The response should consist of the data below, copied exactly, with no pictures in it.

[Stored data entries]
____________
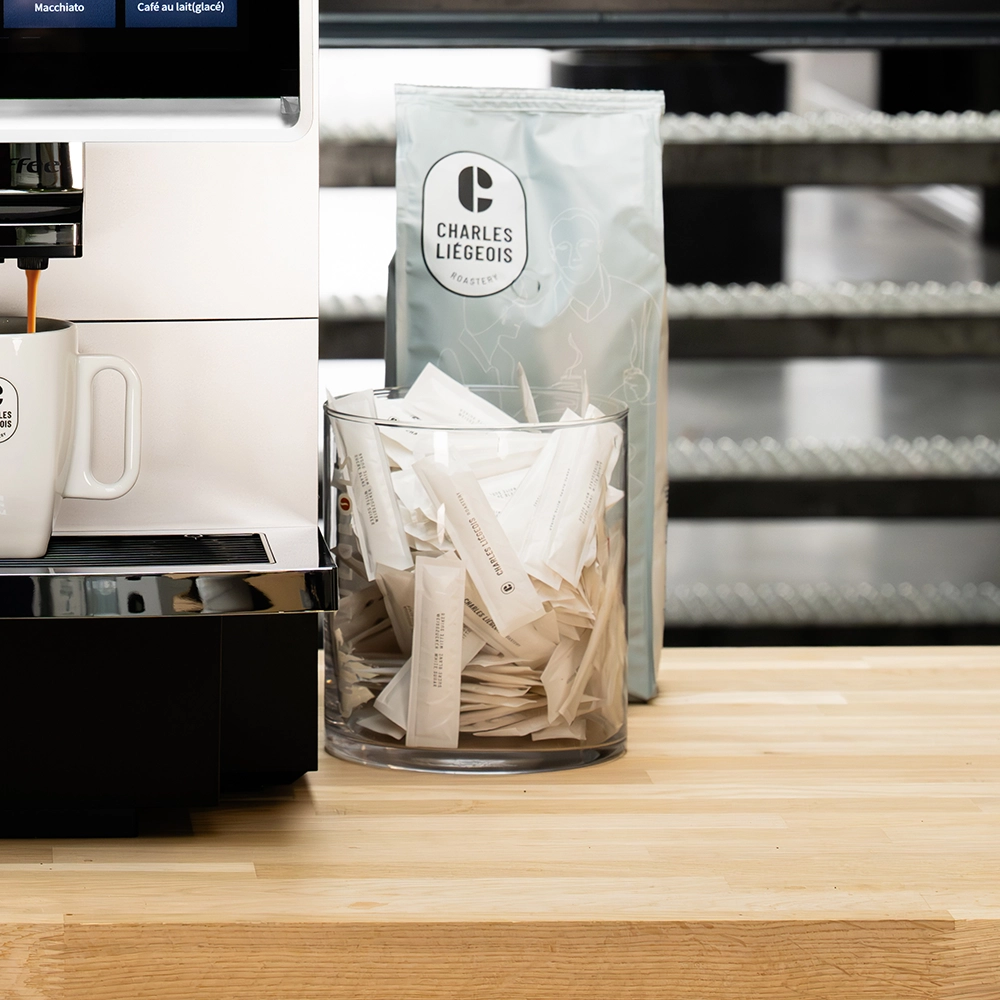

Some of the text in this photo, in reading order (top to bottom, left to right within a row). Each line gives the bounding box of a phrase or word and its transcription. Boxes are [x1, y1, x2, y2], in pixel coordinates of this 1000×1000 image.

[34, 1, 85, 13] Macchiato
[137, 0, 225, 15] Café au lait(glacé)
[436, 222, 513, 243] CHARLES
[436, 242, 513, 263] LIÉGEOIS
[449, 271, 499, 286] ROASTERY
[484, 546, 504, 577] CHARLES
[464, 598, 485, 618] CHARLES
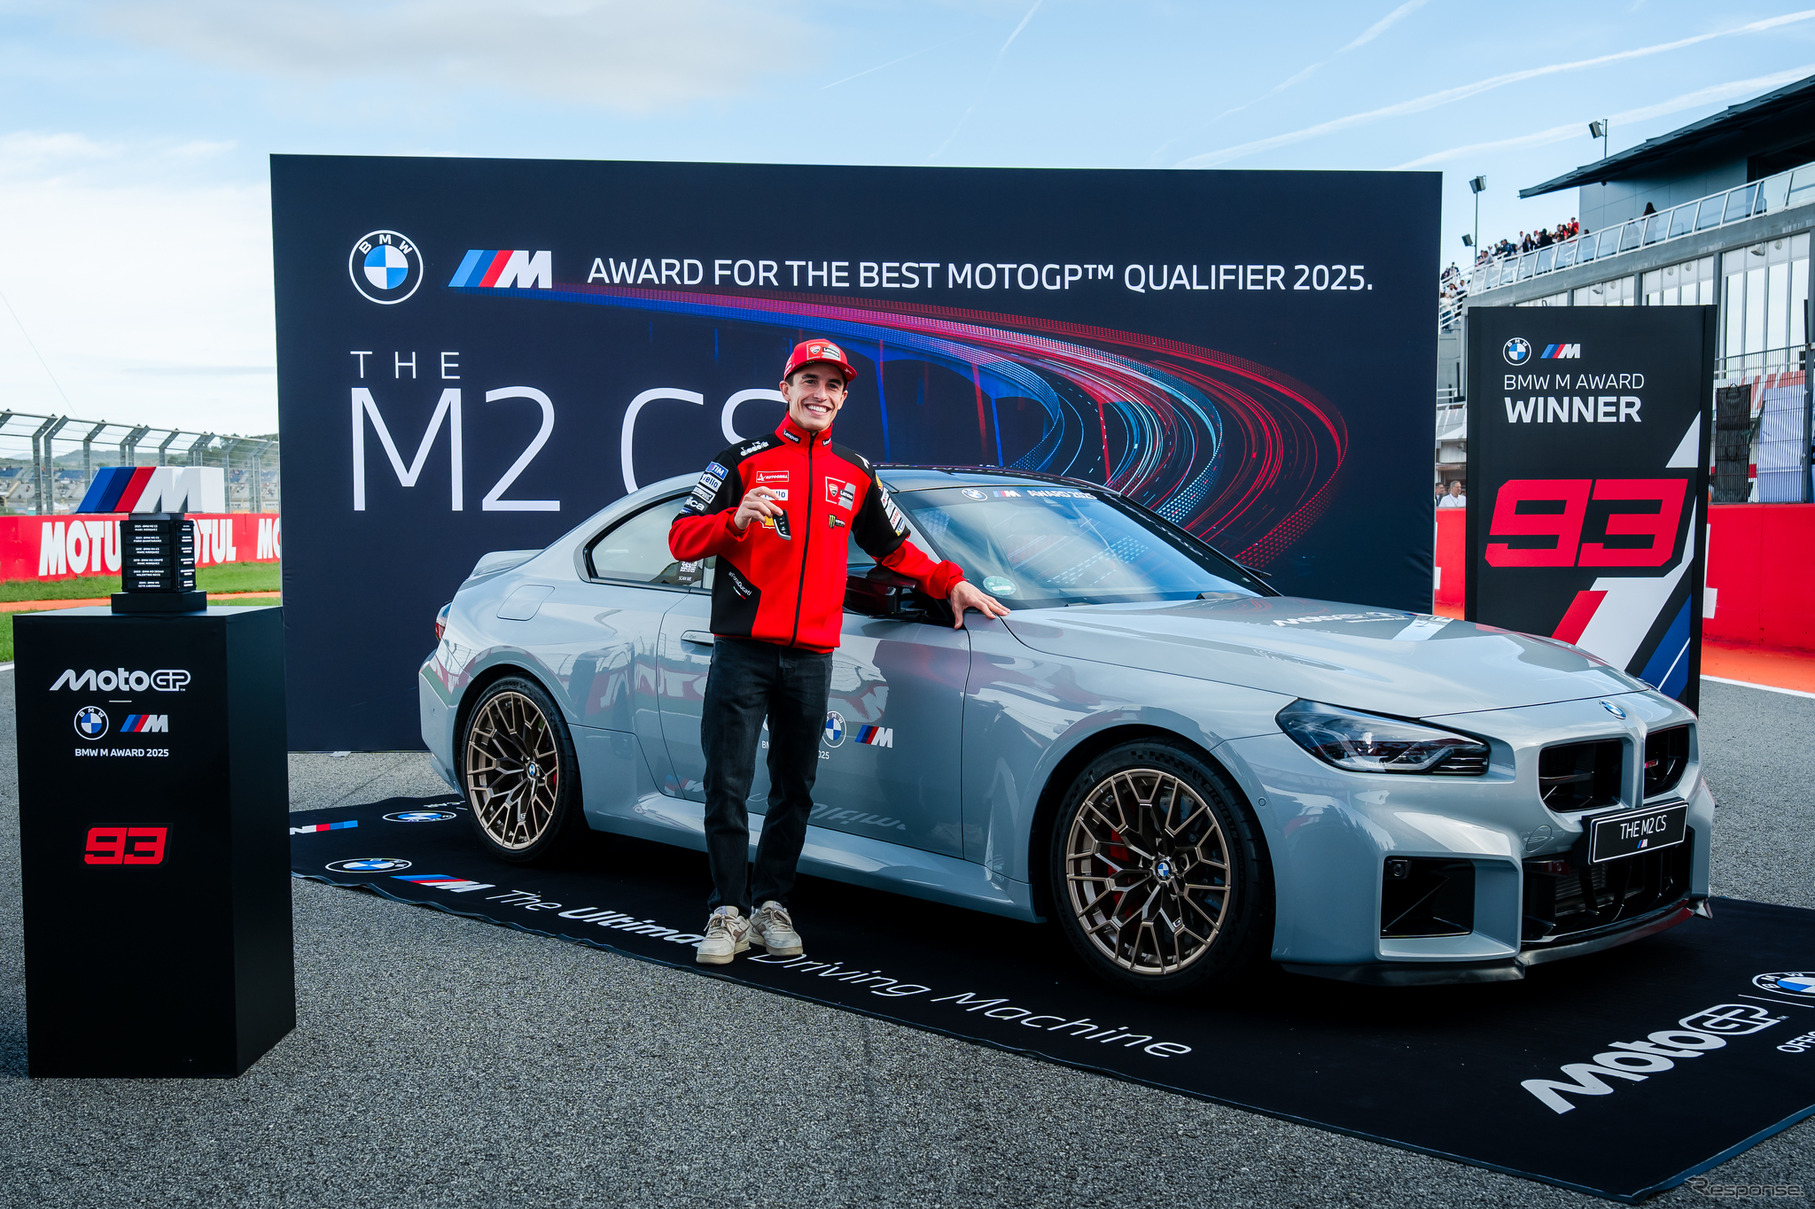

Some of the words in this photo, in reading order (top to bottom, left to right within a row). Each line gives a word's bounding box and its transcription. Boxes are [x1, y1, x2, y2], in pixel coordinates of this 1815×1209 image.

[359, 234, 413, 255] BMW
[588, 258, 704, 285] AWARD
[715, 260, 779, 286] FOR
[785, 261, 850, 287] THE
[860, 262, 940, 289] BEST
[1125, 265, 1286, 293] QUALIFIER
[1294, 265, 1373, 291] 2025.
[350, 351, 460, 379] THE
[1504, 374, 1550, 390] BMW
[1555, 374, 1570, 390] M
[1576, 373, 1645, 390] AWARD
[1504, 396, 1642, 423] WINNER
[352, 386, 560, 511] M2
[712, 464, 726, 476] TIM
[1485, 479, 1688, 567] 93
[38, 519, 121, 577] MOTU
[75, 749, 99, 757] BMW
[100, 749, 109, 757] M
[110, 749, 145, 757] AWARD
[146, 749, 169, 757] 2025
[1620, 820, 1641, 840] THE
[1641, 817, 1655, 836] M2
[1655, 814, 1668, 832] CS
[84, 827, 168, 865] 93
[486, 889, 562, 912] The
[557, 907, 705, 948] Ultima
[747, 953, 932, 997] Driving
[931, 992, 1193, 1059] Machine
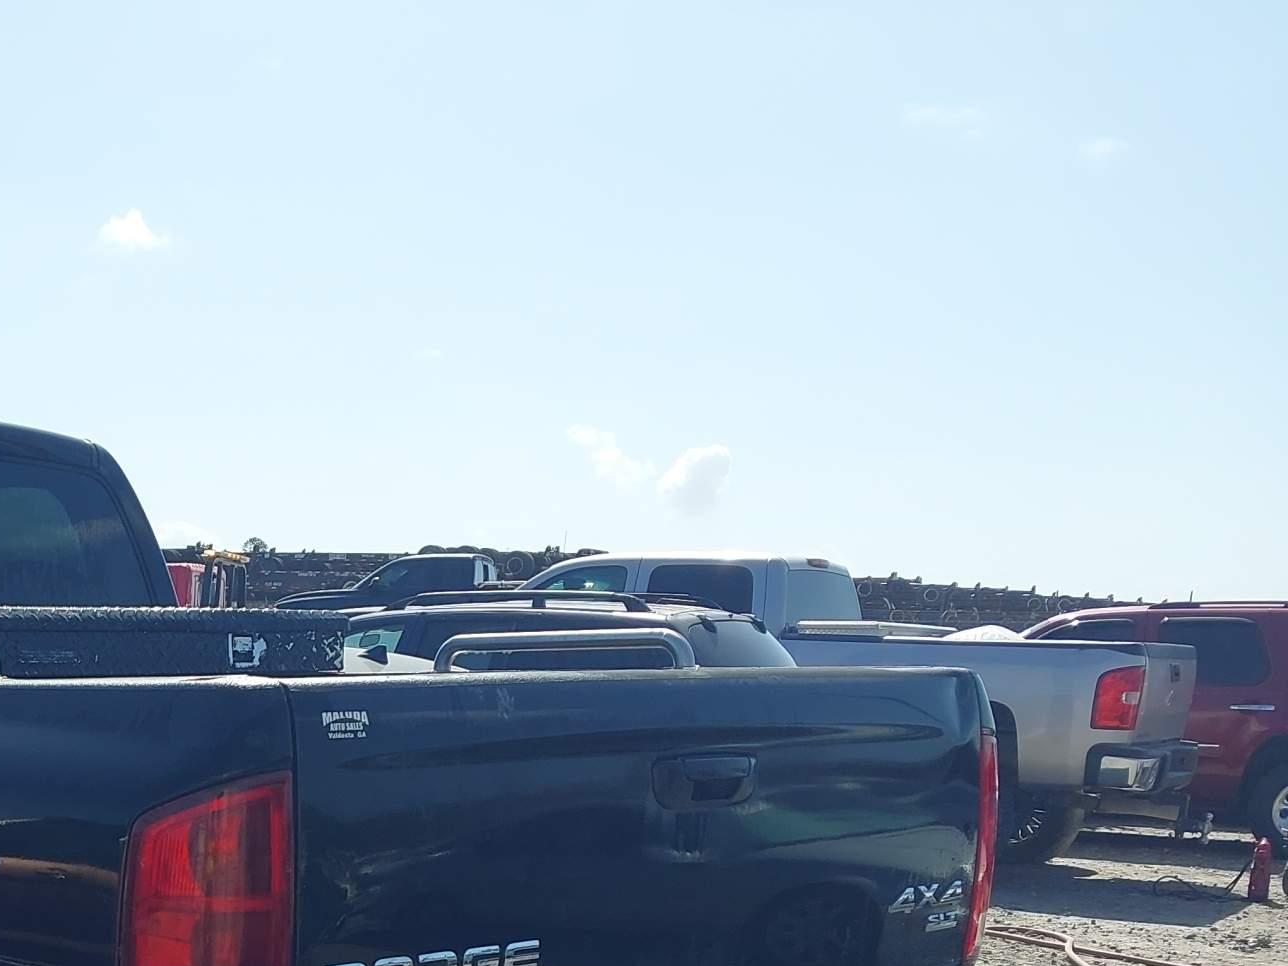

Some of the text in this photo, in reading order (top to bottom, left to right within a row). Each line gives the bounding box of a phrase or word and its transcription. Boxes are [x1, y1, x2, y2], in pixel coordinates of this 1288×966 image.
____________
▶ _Solution to the problem_:
Some of the text in this photo, in reading order (top to bottom, left to right within a row). Each line gives the bounding box of a phrase or word and its transcription. Boxes are [x1, y1, x2, y2], in pixel coordinates of this 1000×1000 image.

[34, 1, 85, 13] Macchiato
[137, 0, 225, 15] Café au lait(glacé)
[436, 222, 513, 243] CHARLES
[436, 242, 513, 263] LIÉGEOIS
[449, 271, 499, 286] ROASTERY
[484, 546, 504, 577] CHARLES
[464, 598, 485, 618] CHARLES

Some of the words in this photo, in reading order (top to bottom, left to right within a row). Each line gives a word's bounding box and its transcription. Boxes are [x1, y1, x2, y2], in pixel coordinates of this 1815×1209 image.

[359, 234, 413, 255] BMW
[588, 258, 704, 285] AWARD
[715, 260, 779, 286] FOR
[785, 261, 850, 287] THE
[860, 262, 940, 289] BEST
[1125, 265, 1286, 293] QUALIFIER
[1294, 265, 1373, 291] 2025.
[350, 351, 460, 379] THE
[1504, 374, 1550, 390] BMW
[1555, 374, 1570, 390] M
[1576, 373, 1645, 390] AWARD
[1504, 396, 1642, 423] WINNER
[352, 386, 560, 511] M2
[712, 464, 726, 476] TIM
[1485, 479, 1688, 567] 93
[38, 519, 121, 577] MOTU
[75, 749, 99, 757] BMW
[100, 749, 109, 757] M
[110, 749, 145, 757] AWARD
[146, 749, 169, 757] 2025
[1620, 820, 1641, 840] THE
[1641, 817, 1655, 836] M2
[1655, 814, 1668, 832] CS
[84, 827, 168, 865] 93
[486, 889, 562, 912] The
[557, 907, 705, 948] Ultima
[747, 953, 932, 997] Driving
[931, 992, 1193, 1059] Machine

Some of the text in this photo, in reading order (top to bottom, left to right within a row). Each line gives the bounding box of a phrase or word and its transcription. Boxes are [x1, y1, x2, y2], in pixel coordinates of this 1288×966 image.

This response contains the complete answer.